Quiero decir que si estos coloridos pescaditos son tan brutos como para no saber fertilizar sus huevos, y para guardárselos en la boca cuando aún están vacíos, ¿de dónde sale esa refinadísima inteligencia genética que les pinta un señuelo en su propio cuerpo? Esto es: sus células los engañan y son más listas que ellos. Su propia estupidez es lo que los vuelve “exitosos” como especie.

Los creyentes dirían que es cosa de Dios y de Su Infinita Providenia. Pero uno no es lo que se dice creyente (Dios se parece demasiado a nuestra necesidad de Él, a nuestra debilidad y a nuestro miedo para que me quepa en la cabeza o para que confíe en su existencia).
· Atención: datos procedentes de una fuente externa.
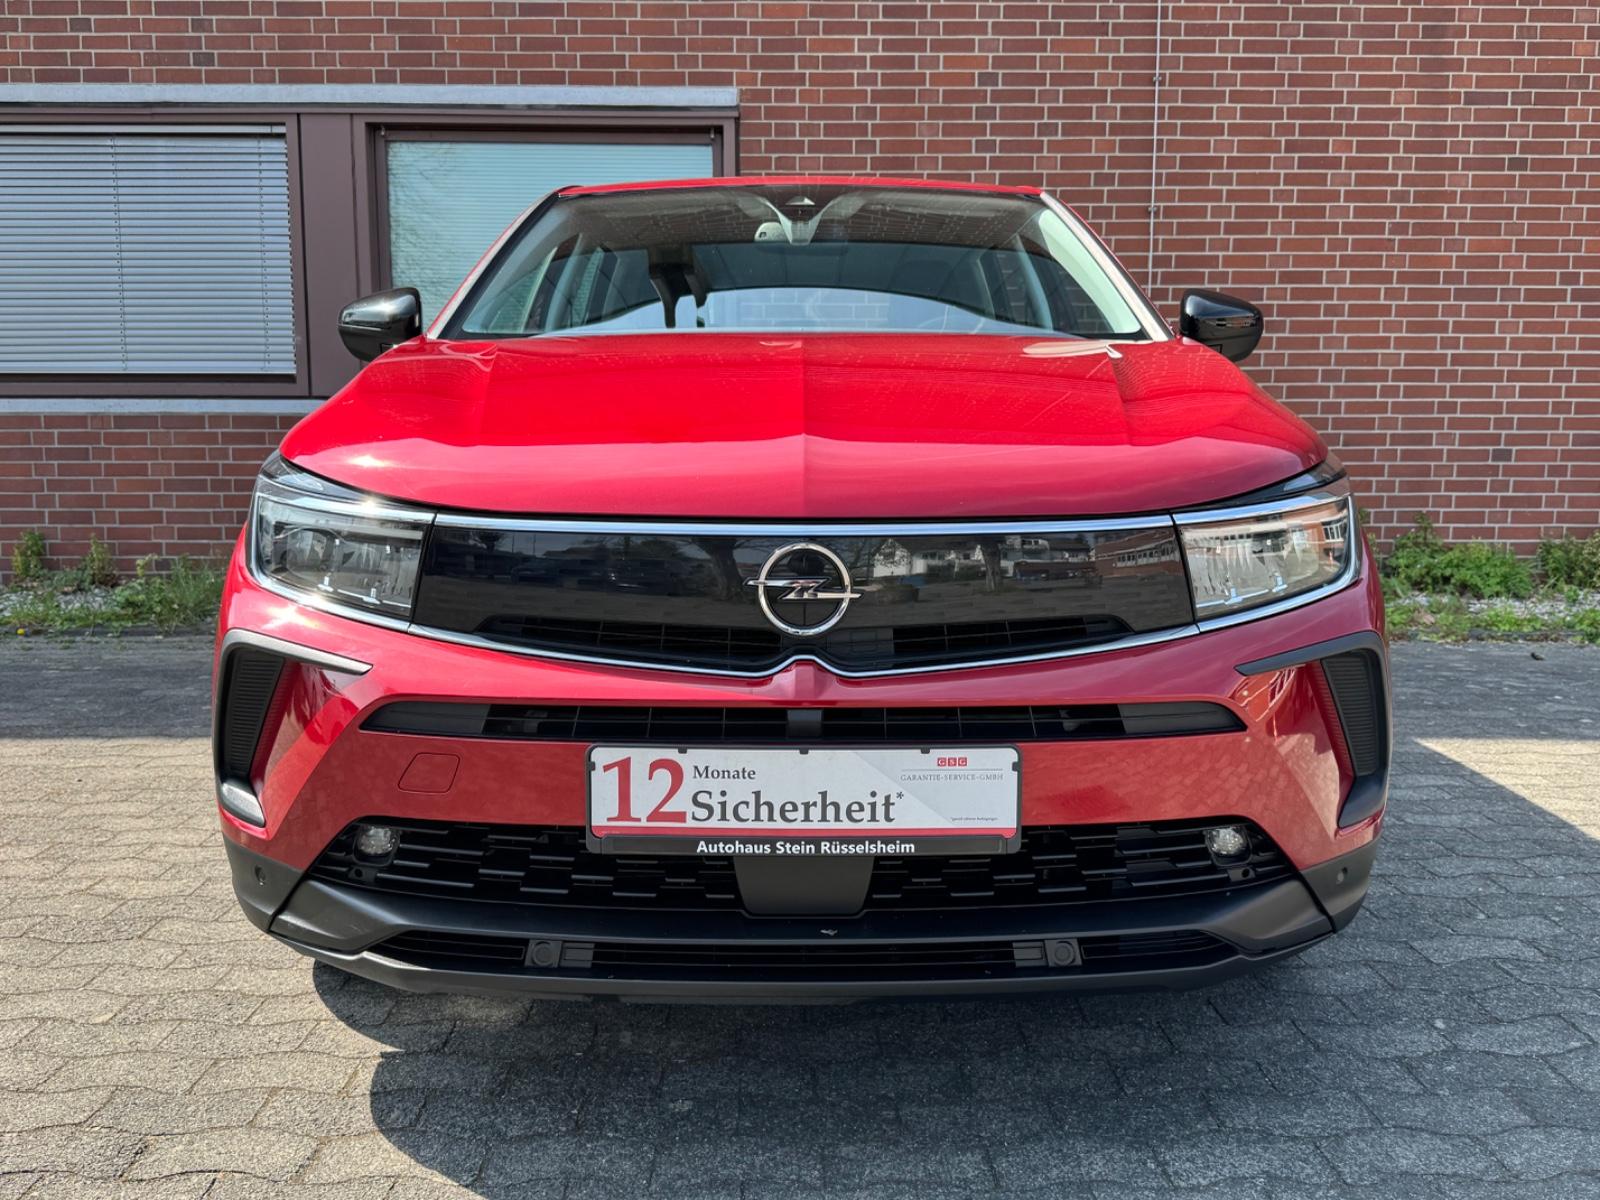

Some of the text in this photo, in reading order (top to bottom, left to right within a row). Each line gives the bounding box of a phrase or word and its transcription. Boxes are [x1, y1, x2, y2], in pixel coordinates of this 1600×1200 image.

[692, 765, 756, 780] Monate
[602, 756, 687, 823] 12
[696, 841, 915, 855] Autohaus Stein Rüsselsheim
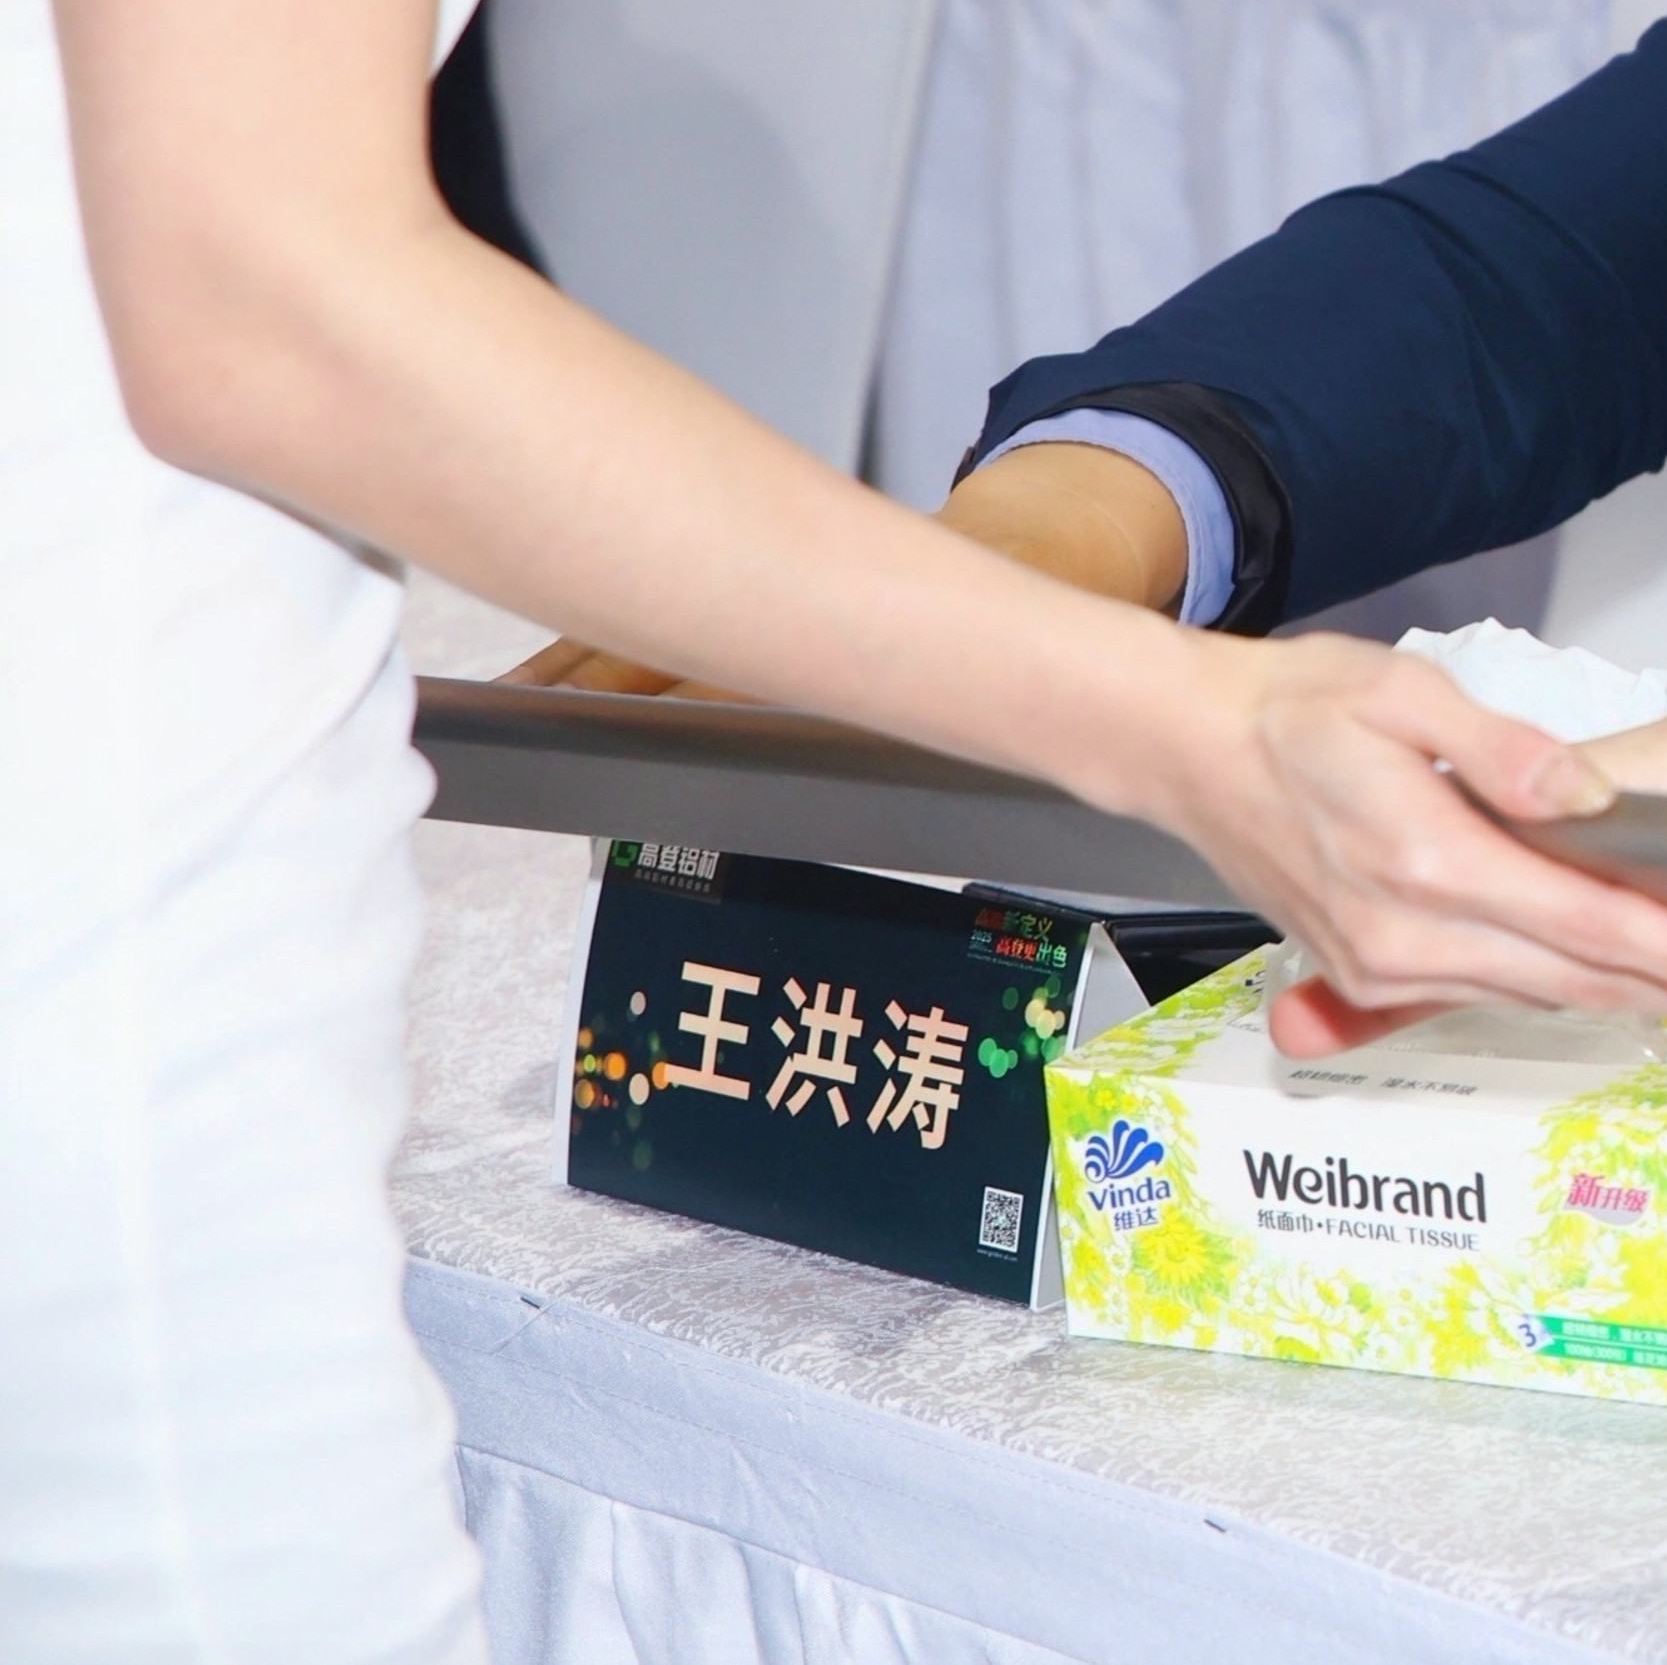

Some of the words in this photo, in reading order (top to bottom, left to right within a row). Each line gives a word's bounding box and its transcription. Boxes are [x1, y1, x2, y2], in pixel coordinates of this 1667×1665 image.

[638, 843, 720, 880] 高登铝材
[663, 961, 969, 1150] 王洪涛
[1243, 1149, 1487, 1223] Weibrand
[1567, 1172, 1648, 1213] 新升级
[1114, 1207, 1159, 1231] 维达
[1406, 1227, 1480, 1252] TISSUE
Por su parte, los científicos dirán que es cosa de la evolución; que un día aparecieron por puro azar unos cíclidos con manchas amarillas en la cola y que estos peces se reprodujeron mejor que los no manchados, por o que sus genes acabaron triunfando. Y esta explicación evolutiva, sí me cabe en la cabeza, y resulta sensata, y me la creo.
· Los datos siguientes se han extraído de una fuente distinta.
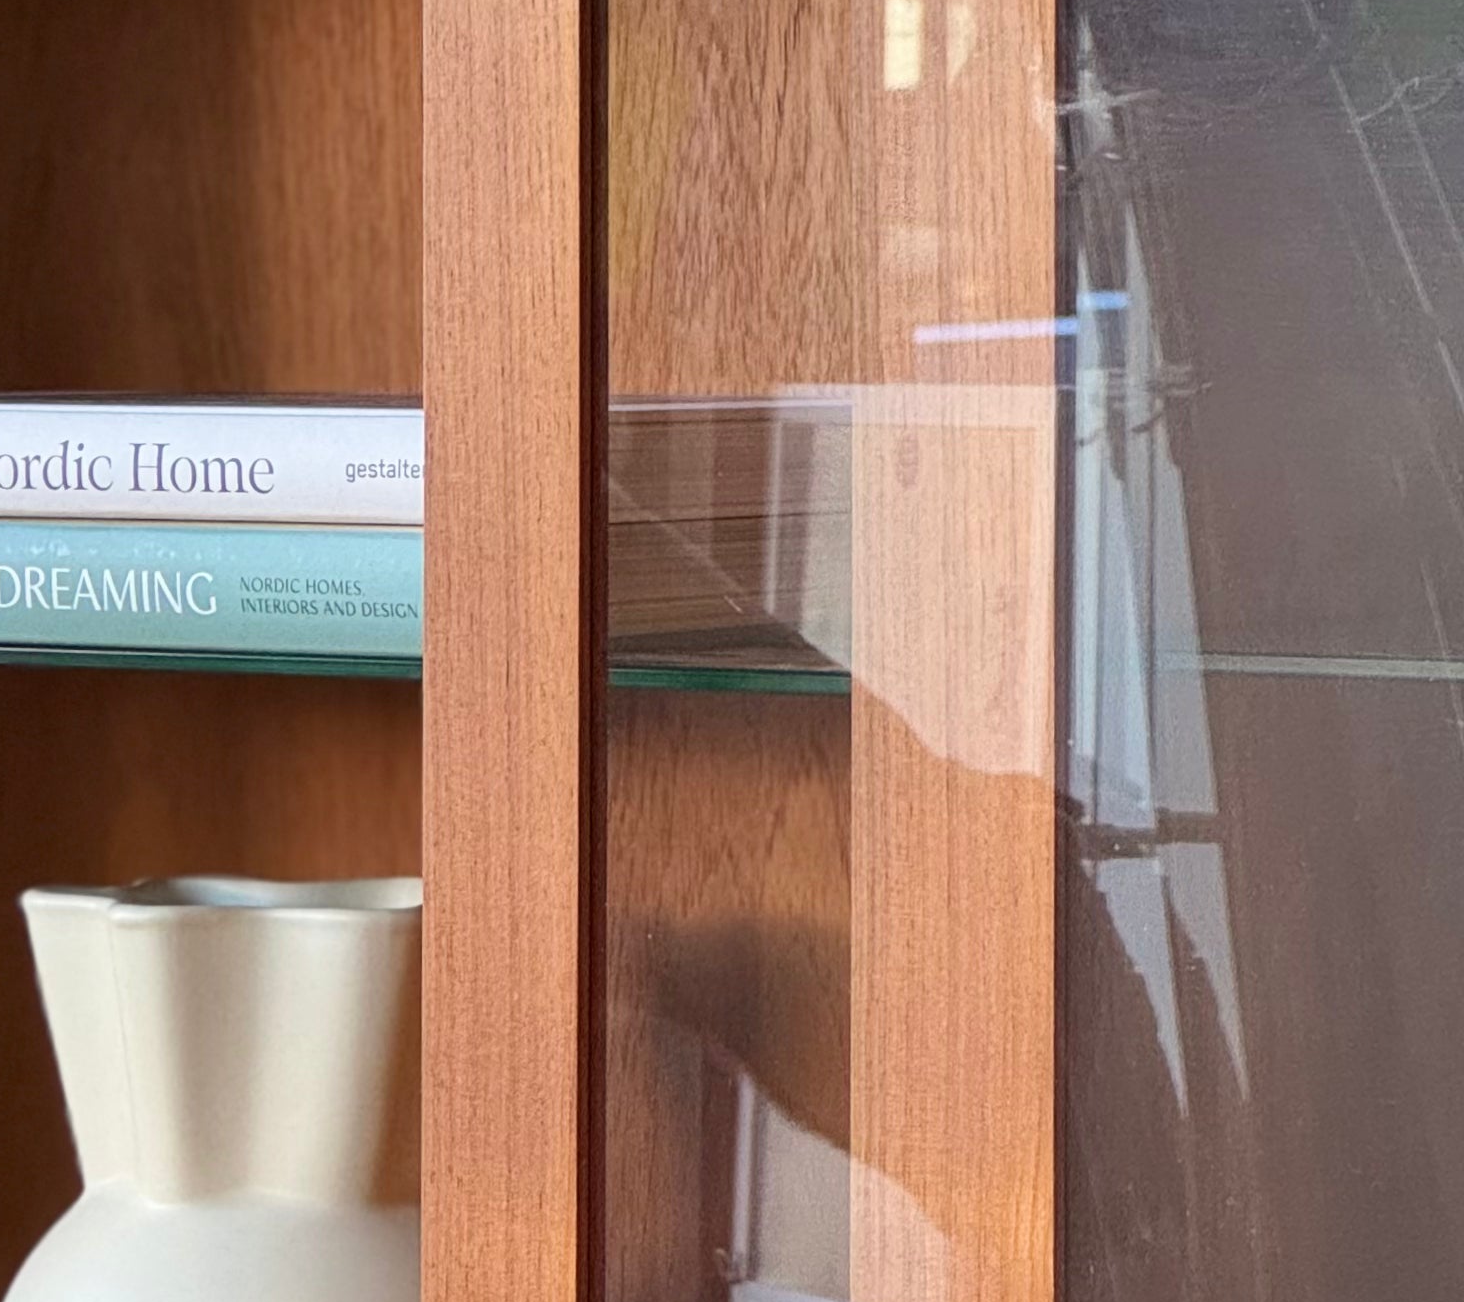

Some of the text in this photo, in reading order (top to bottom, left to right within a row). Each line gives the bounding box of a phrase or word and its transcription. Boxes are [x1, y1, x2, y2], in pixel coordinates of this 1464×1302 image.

[128, 441, 275, 495] Home
[345, 458, 424, 484] gestalte
[239, 576, 301, 595] NORDIC
[240, 597, 419, 619] INTERIORS AND DESIGN
Pero aún así, el caso de los estúpidos cíclidos y de su éxito reproductivo me deja con una incómoda sensación de desconfianza. Me hace sospechar que no sólo nuestros padres nos mienten, que no sólo los políticos nos engañan, que no sólo nuestros amigos nos traicionan, sino que también la naturaleza, nuestra querida Madre Naturaleza, es capaz de aprovecharse de nuestra ingenuidad y tendernos trampas (siempre por nuestro propio bien, eso sí). ¿Qué si los humanos no fuéramos más listos que los cíclidos? ¿Qué tal que no somos nosotros los que estamos acabando con el Planeta, como tan a menudo oímos decir, sino que es el Planeta el que está jugando con nuestras mentecitas? ¿Qué tal si el calentamiento global no es sino una parte de la maquiavélica estrategia del Universo? Esta hipótesis tiene algo de tranquilizadora: nos releva de la terrible responsabilidad ecológico-moral que cargamos sobre nuestros hombros.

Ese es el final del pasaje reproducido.